Lung is a common vulnerable organ in sepsis, and inhibition of inflammation cascade is one of the keys to prevent and treat the septic lung injury. Heme oxygenase-1 (HO-1) could alleviate the inflammatory response, play a protective role in organism response, but the underlying mechanisms of it has not been completely clear. Our preliminary data showed that HO-1 inducer Hemin attenuates lung injury of septic mice, inhibits inflammasome activation and promotes autophagic flux. Meanwhile, autophagic flux receptor P62 is reported to regulate the transcription of HO-1. Thus we infer that HO-1 promoted autophagic flux, and inhibition of autophagic flux could induce HO-1 transcriptional expression, which formed a feedback loop between HO-1 and autophagic flux, and regulated inflammatory cascade and lung injury in sepsis.

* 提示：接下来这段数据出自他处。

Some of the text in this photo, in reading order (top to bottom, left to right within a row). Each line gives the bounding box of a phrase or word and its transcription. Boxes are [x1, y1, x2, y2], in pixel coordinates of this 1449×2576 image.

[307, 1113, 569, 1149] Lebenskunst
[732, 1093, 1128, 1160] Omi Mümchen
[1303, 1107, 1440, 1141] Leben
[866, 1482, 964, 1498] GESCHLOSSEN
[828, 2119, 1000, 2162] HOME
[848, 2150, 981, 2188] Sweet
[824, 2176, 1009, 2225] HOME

In this study, we first detect the HO-1 and autophagy flux in lung tissue of septic mice to confirm the correlation between them. Then, we’ll use intervention agents or lentiviral vector technology to clarify that HO-1 participates in the process of inflammasome activation by regulating autophagy flux through CREB signal pathway. Finally, we will verify the role of autophagic flux and P62/NRF2 in HO-1 transcription and expression. All these are expected to reveal the effect and mechanisms of HO-1/autophagic flux feedback loop in lung injury of sepsis, and this will show a novel evidence and foundation for the treatment of septic lung injury.

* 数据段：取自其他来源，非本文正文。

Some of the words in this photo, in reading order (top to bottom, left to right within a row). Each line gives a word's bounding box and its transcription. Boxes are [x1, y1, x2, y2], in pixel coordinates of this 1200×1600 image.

肺脏是脓毒症常易累及的脏器，抑制炎症级联反应是防治脓毒症肺损伤的关键之一。HO-1能减轻炎症反应，在机体应答中起保护作用，但具体机制尚未完全清楚。前期研究显示：HO-1诱导剂Hemin可减轻脓毒症肺损伤、抑制炎症小体活化、促进自噬流；而自噬流关键受体P62被报告能调节HO-1转录。由此，我们推测HO-1促进自噬流，而自噬流受阻可诱导HO-1的转录表达，二者形成反馈环路调控脓毒症肺损伤炎症级联。在本研究中，我们选用Balb/c小鼠和原代肺泡巨噬细胞为研究对象，首先检测脓毒症HO-1表达和自噬流情况，确定二者的相关性；再利用干预剂或慢病毒载体技术调节HO-1，阐明HO-1通过CREB调控自噬流，影响炎症小体活化；最后利用干预剂调节自噬流，明确自噬流通过P62/NRF2调控HO-1的转录表达。本研究旨在揭示HO-1/自噬流反馈环路在脓毒症肺损伤中的作用及调控机制，为治疗脓毒症提供新的思路和证据。

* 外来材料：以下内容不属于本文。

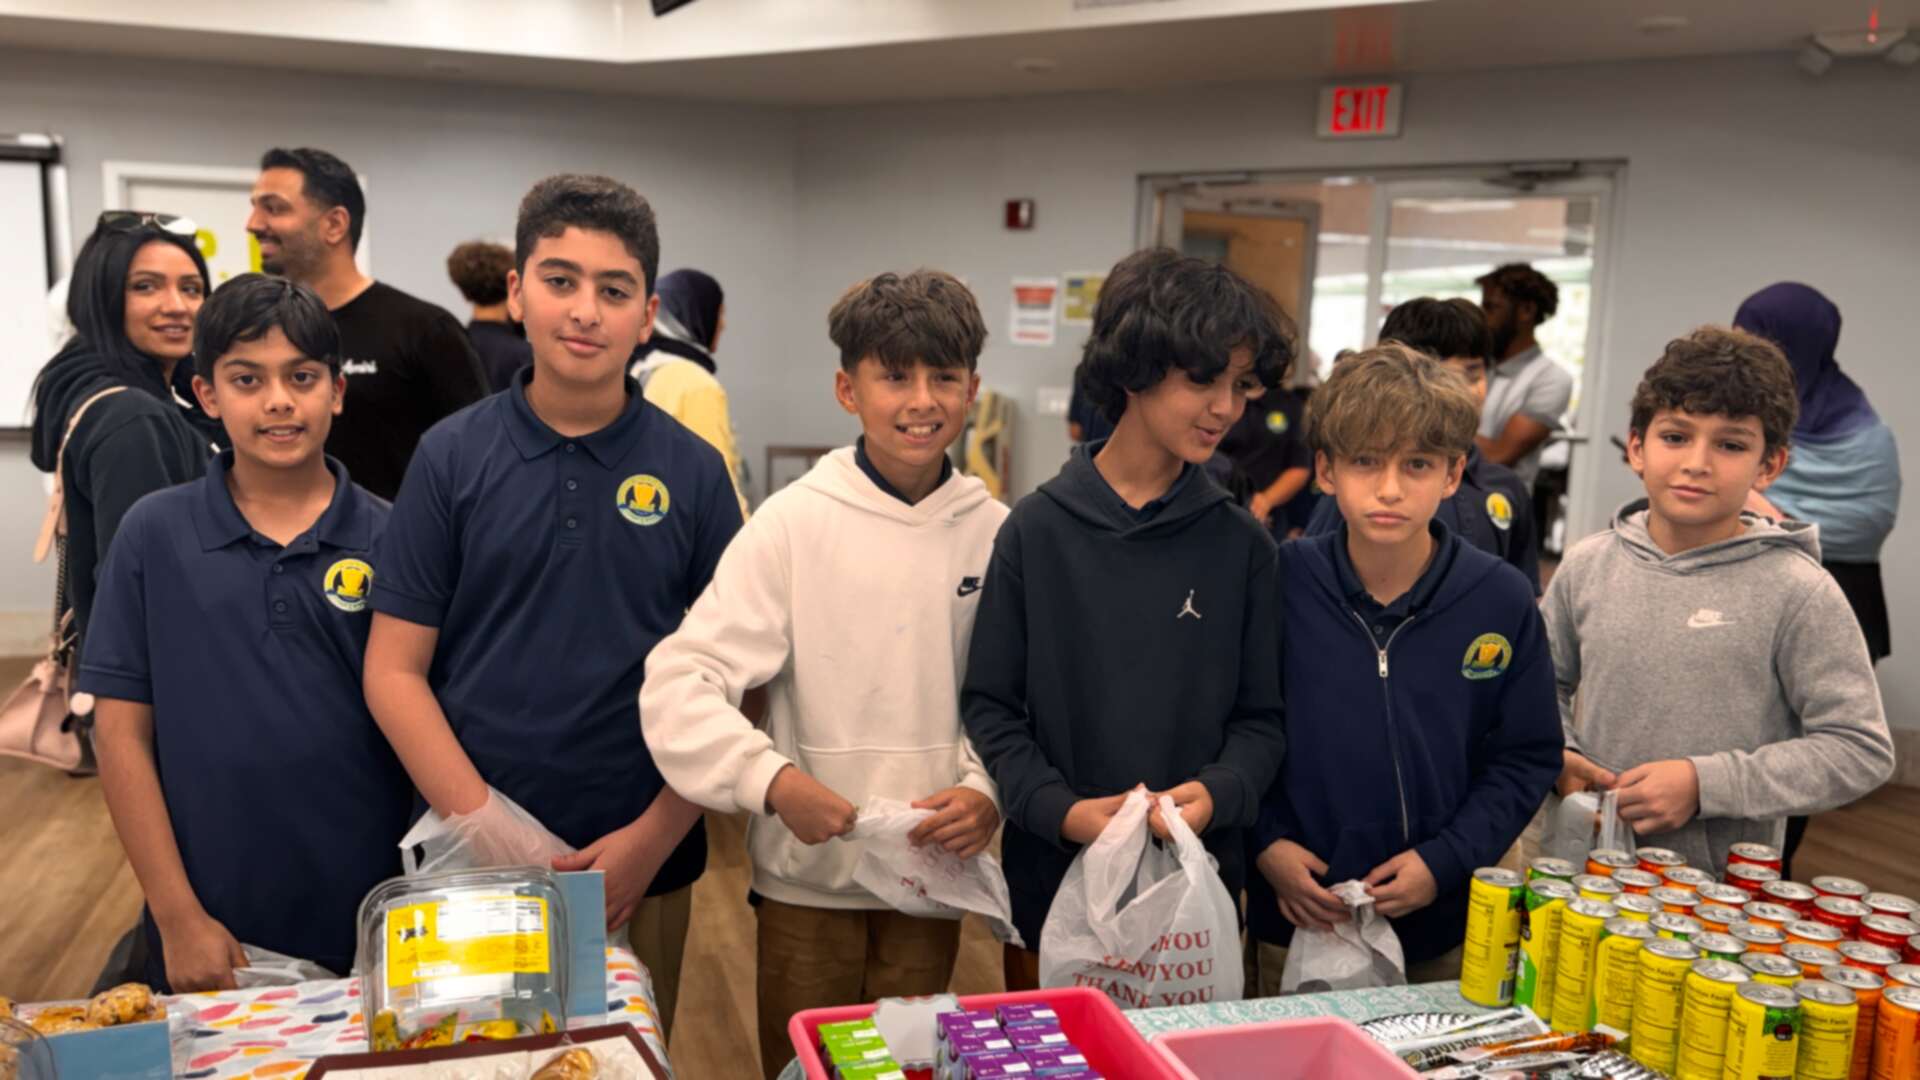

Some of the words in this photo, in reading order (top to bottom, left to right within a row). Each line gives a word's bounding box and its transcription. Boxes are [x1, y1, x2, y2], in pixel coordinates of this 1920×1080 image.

[1331, 85, 1390, 133] EXIT
[1159, 958, 1214, 981] YOU
[1160, 984, 1215, 1007] YOU

脓毒症是由感染引起的机体生理、生化、病理异常综合征，导致器官功能障碍，危及患者生命，是重症监护病房患者最严重的并发症及致死原因，病死率高达30-50%，而肺脏是脓毒症最易累及的脏器之一，阐明其发生机制，寻找新的有效防治措施，具有重要的基础和临床意义。本研究构建脓毒症小鼠模型，检测肺损伤、炎症小体、HO-1表达水平和自噬情况，并分别调控HO-1和自噬，探索HO-1和自噬对脓毒症小鼠肺损伤的调控，以及HO-1与自噬间的分子对话。研究结果显示：①脓毒症小鼠存在肺损伤、炎症小体活化、HO-1过表达和自噬流的受阻；②HO-1能减轻脓毒症小鼠肺损伤和炎症小体活化程度，促进自噬流；③自噬能减轻脓毒症小鼠肺损伤和炎症小体活化程度，诱导HO-1表达。以上研究揭示HO-1/自噬流在脓毒症肺损伤和炎症小体活化中的调控作用及其机制，为脓毒症的防治提供新思路与实验依据。